My Thoughts on Being Followed Home*

Holy toot.

I have to be honest, I was wholly overwhelmed by the response to my last post… so much so that it’s taken me a few days to digest all that’s come my way since I wrote it eight days ago. I’ve received multiple emails and phone calls, and I’ve lost count of the number of messages I’ve received through facebook and my blog. People I never expected to read my blog briefly stepped out of the shadows to express concern over my being followed home last week.

It’s been a bit of a whirlwind–I never expected such a… strong reaction to what I wrote. For me, writing down the events in detail was my way of walking through it again and processing what happened. I needed to relive it to remind myself that I was okay, and that it could have potentially been much, much worse. I needed to write it down so I could get it out and move past it, instead of pretending like nothing happened. I just needed to vent.

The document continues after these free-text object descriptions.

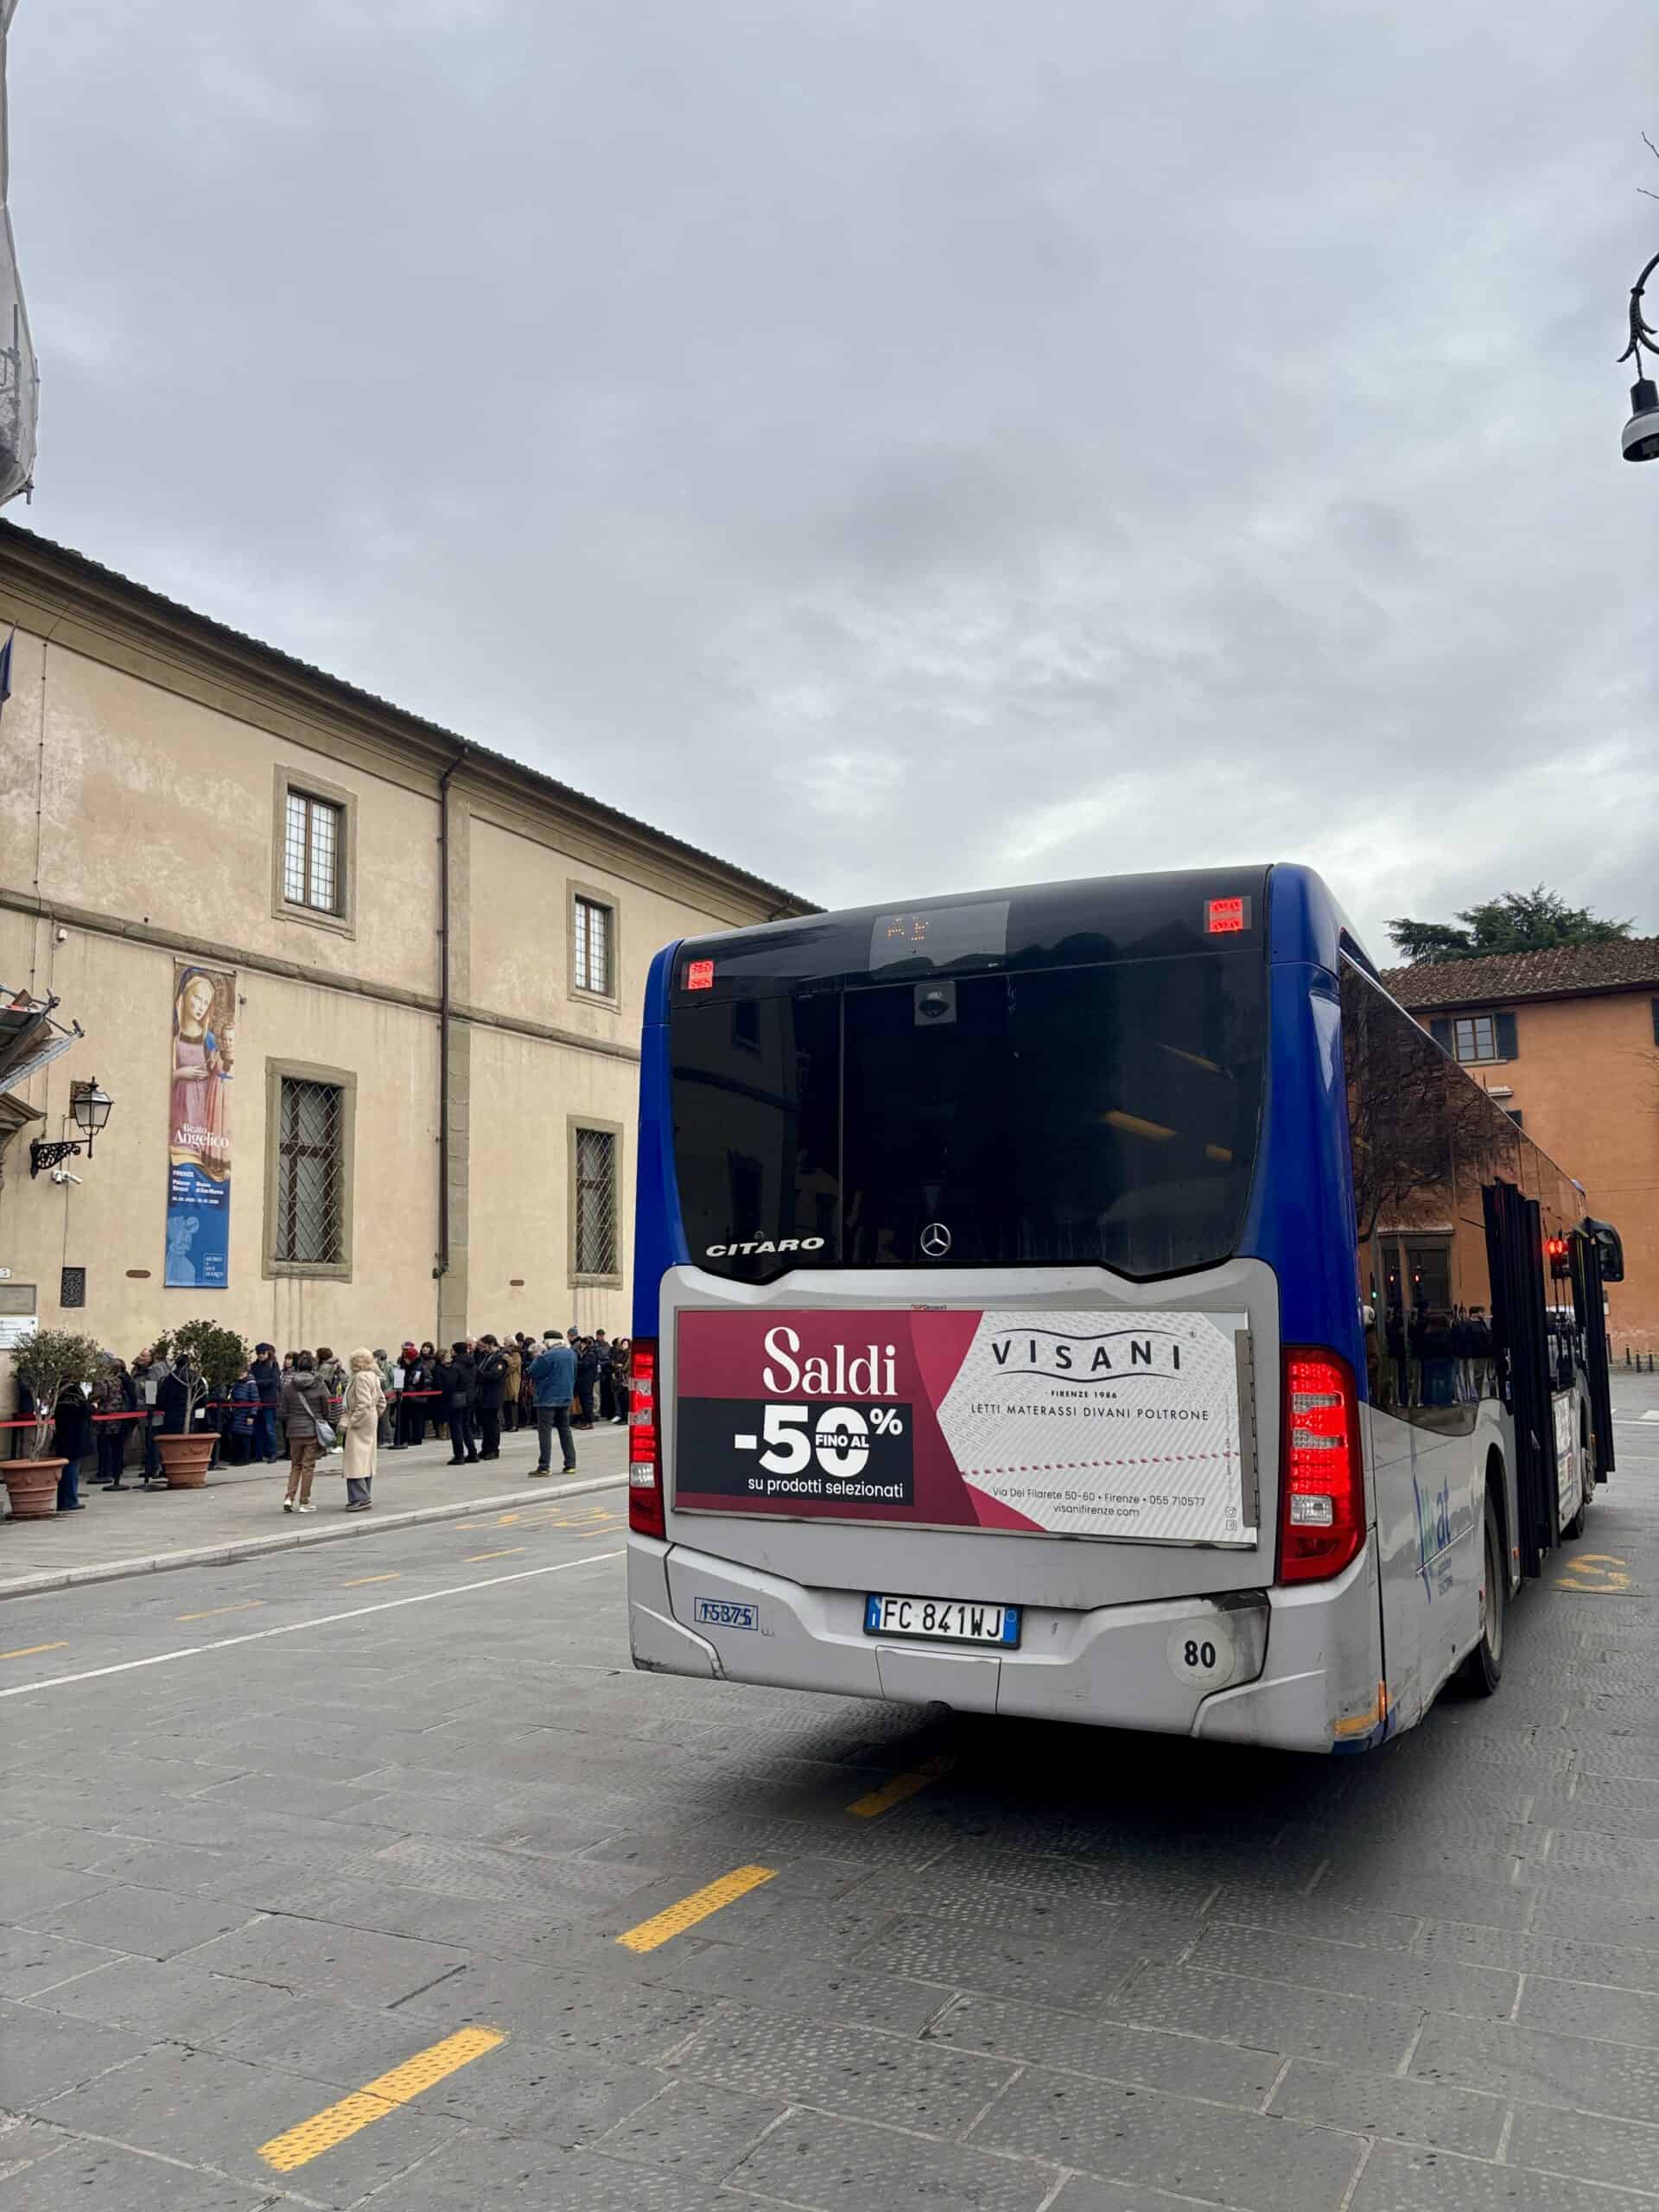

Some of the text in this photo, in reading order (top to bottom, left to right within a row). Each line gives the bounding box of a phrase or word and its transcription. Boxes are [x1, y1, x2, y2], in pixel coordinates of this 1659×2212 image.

[183, 1122, 207, 1135] Beato
[174, 1129, 229, 1149] Angelico
[706, 1237, 824, 1257] CITARO
[763, 1326, 899, 1396] Saldi
[992, 1340, 1181, 1372] VISANI
[1051, 1389, 1089, 1398] FIRENZE
[971, 1403, 1209, 1421] LETTI MATERASSI DIVANI POLTRONE
[816, 1434, 869, 1447] FINO AL
[748, 1478, 904, 1498] su prodotti selezionati
[993, 1487, 1007, 1497] Via
[1027, 1489, 1063, 1500] Filarete
[1065, 1491, 1096, 1502] 50-60
[1104, 1493, 1140, 1504] Firenze
[1052, 1503, 1141, 1516] visanifirenze.com
[1185, 1640, 1216, 1669] 80

As your responses began pouring in I was so… overwhelmed by it all. I suddenly felt like what I had thought was a bad afternoon was an absolute disaster, and truthfully, I felt even less safe as the “what if”‘s poured into my inbox. You see, I already have the biggest imagination there is… another reason I put it all down is so I wouldn’t go there–I am a champion at the WHAT IF?! game and I thought that if I wrote it down I could stop myself from playing that game. I really don’t need to imagine the rest of that scenario if even just one thing had turned out differently.

In the responses I received many of you expressed concern for my safety, expressed gratitude that I was okay, offered advice and made judgments on what happened and the choices I made that day.

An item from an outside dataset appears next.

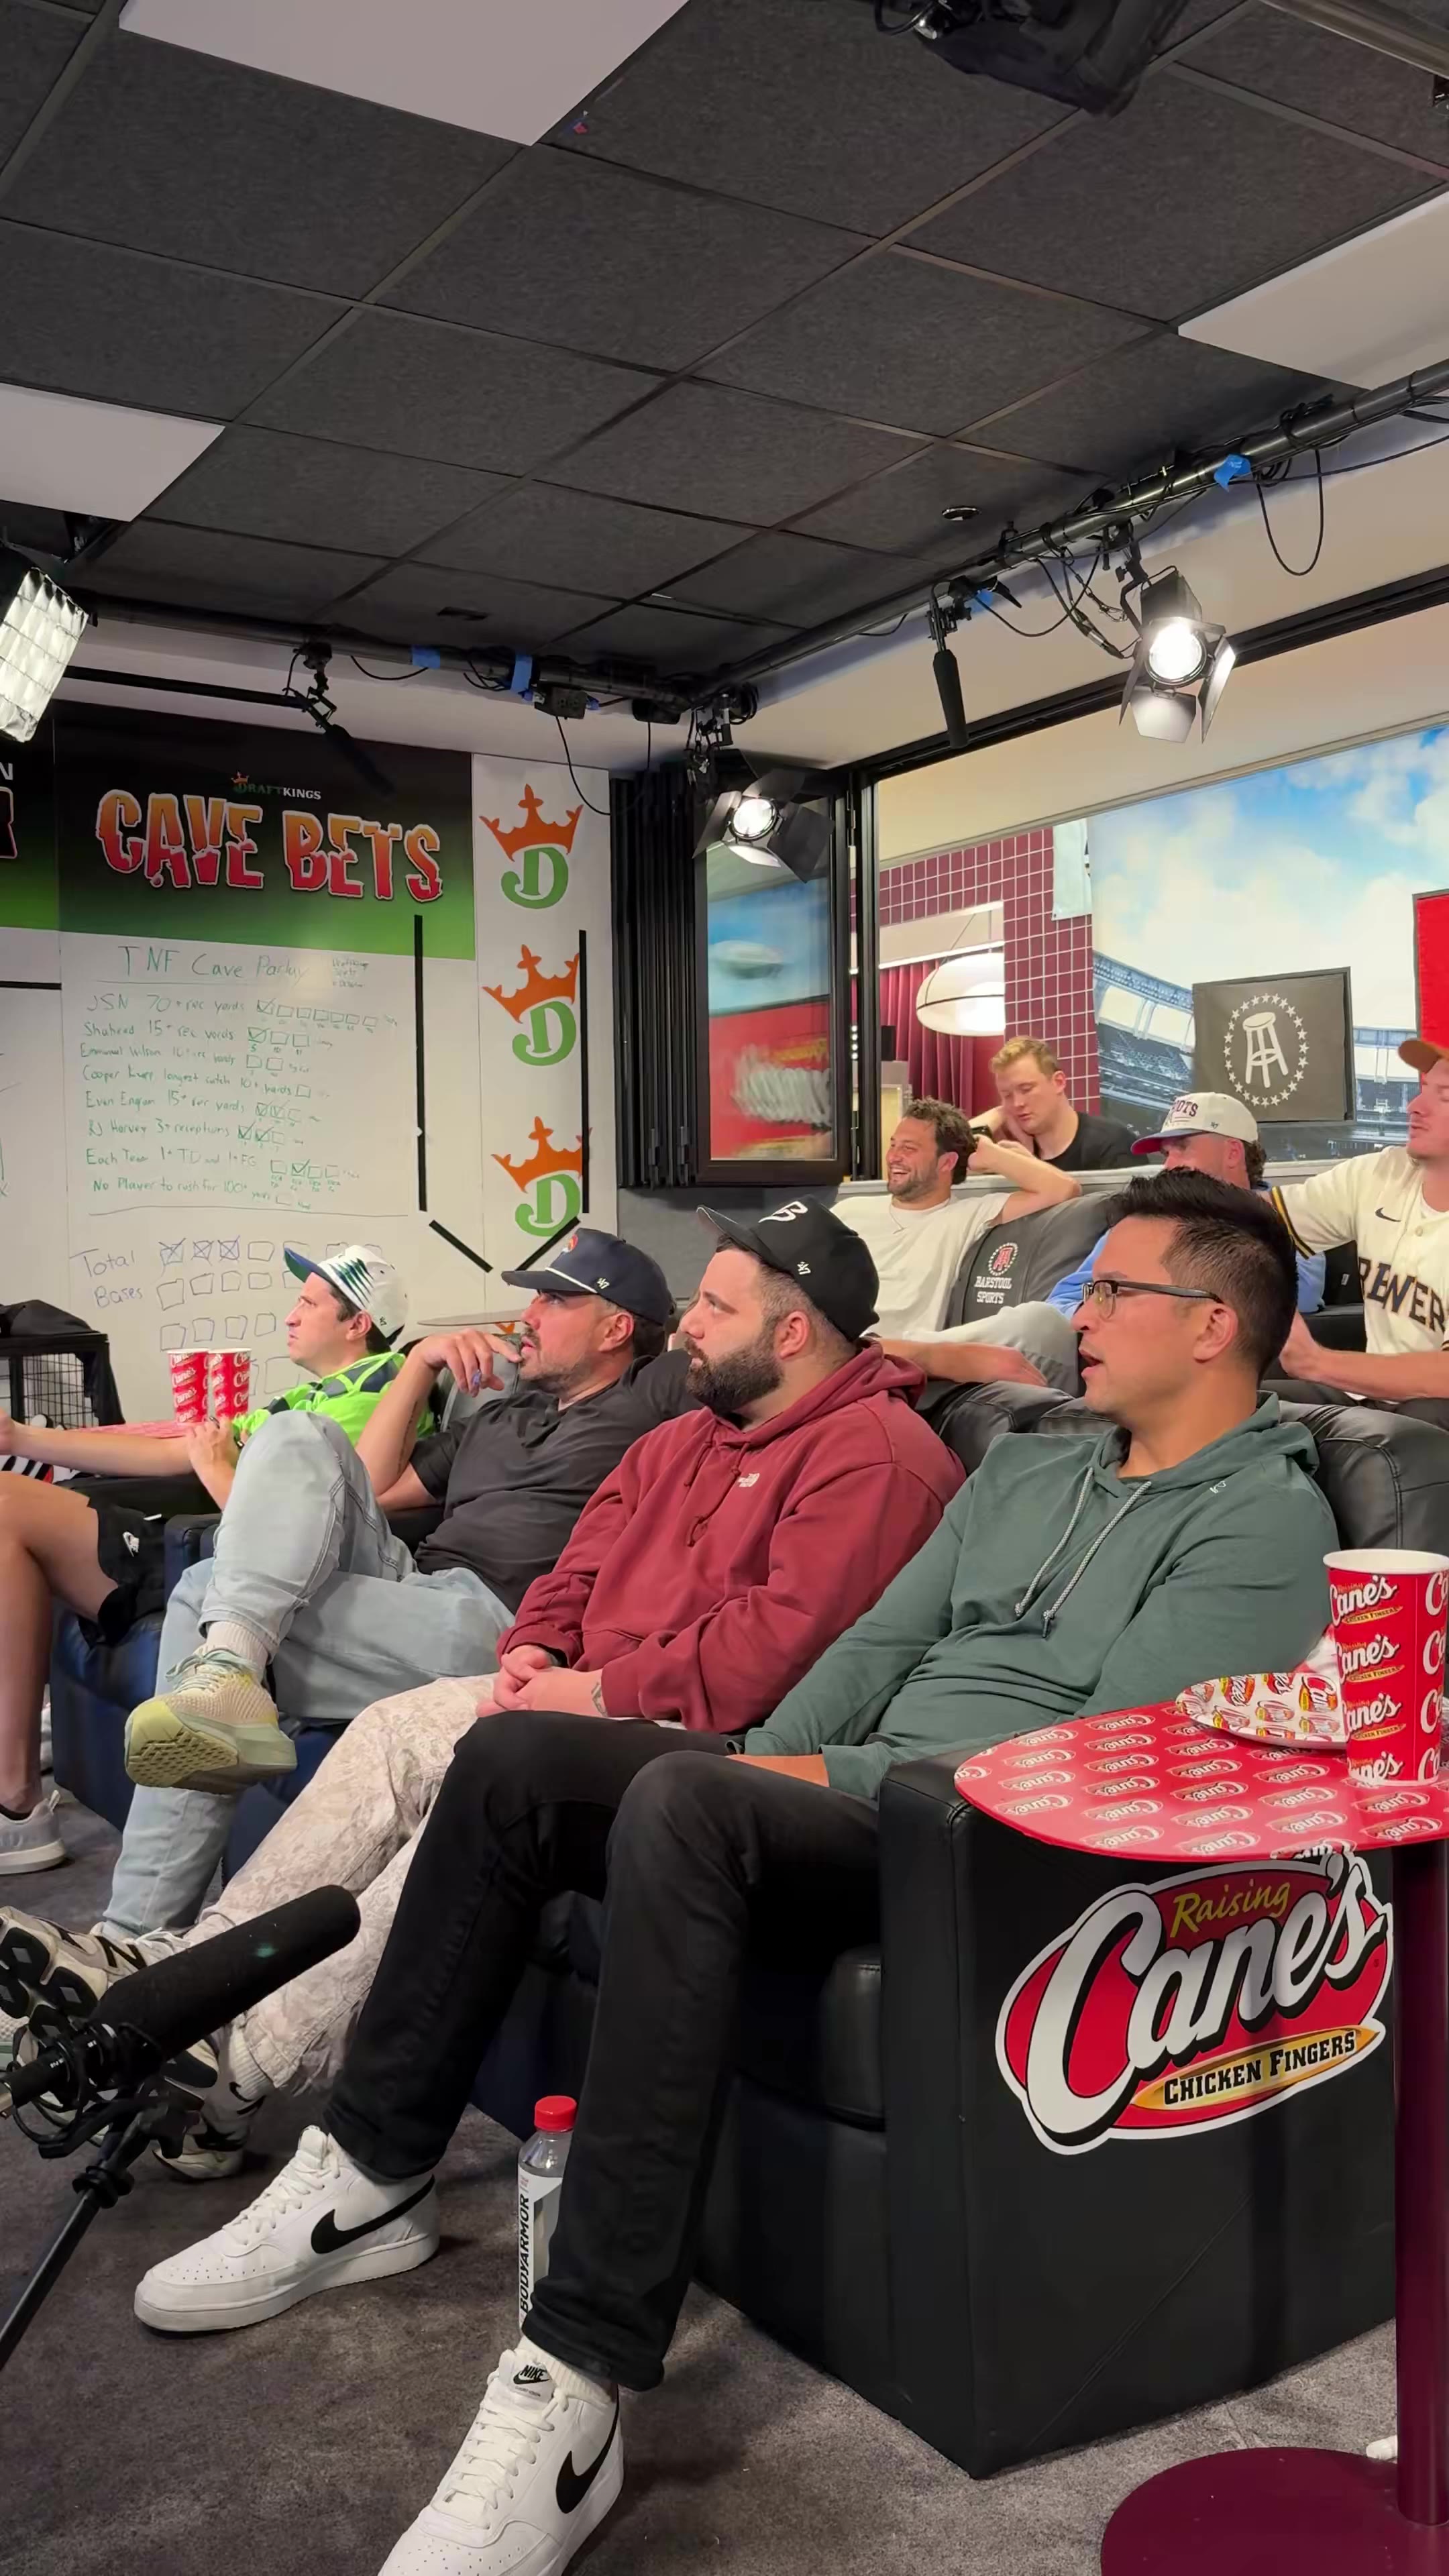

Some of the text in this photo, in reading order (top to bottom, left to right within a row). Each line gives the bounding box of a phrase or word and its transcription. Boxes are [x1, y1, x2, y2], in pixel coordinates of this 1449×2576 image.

So, I just wanted to clear up a few things as I’ve since had a chance to reflect on things and what all of you have said.

The most recurrent theme through all the responses I had was about why I chose not to call the police. To that I can only answer: I don’t know. A friend of mine and I were talking about it last weekend and she said something that I haven’t been able to stop thinking about all week. She put me on the spot and asked me about why I didn’t call the police, but before she let me answer she caught herself and said something to the effect of, “You know, it’s really so easy to analyze / judge a situation when you’re not the one in it.”

As so many of you have pointed out, I should’ve called the police. I know that. I also could have made a report afterward, but I chose not to. Whether or not it was the right choice, it was the one I made for myself. While the whole incident was happening it was just so… surreal. It honestly felt like a series of coincidences that I kept “bumping” into those guys, and while I knew something was wrong, my mind didn’t allow me to consider that I was being followed by three men until the last incident, after I was already home watching what was happening out my front window. Should I have called the police then? Probably. I just… I don’t know. I guess deep down I was afraid that calling the police would make the whole thing… real. And I know, I know, it was real and I should have accepted that at the grocery store but I didn’t. Would / will I do things differently if there is a next time? Yes. Have I learned from the experience? Yes.

I’ve also been strongly chided about my decision to leave the grocery store after being harassed for the second time. The only answer I have is that I honestly believed it was over. It’s not exactly an upscale store and I’ve been hit on in the store before, and every. single. time it ended at the door. While yes, I felt these men were more aggressive in their “pick-up” attempt and it made me uncomfortable, I had no qualms about leaving the store because I thought it had ended. Should I have told the manager about what had happened and stayed in the store? Absolutely. But I am foolish and pride myself on my independence.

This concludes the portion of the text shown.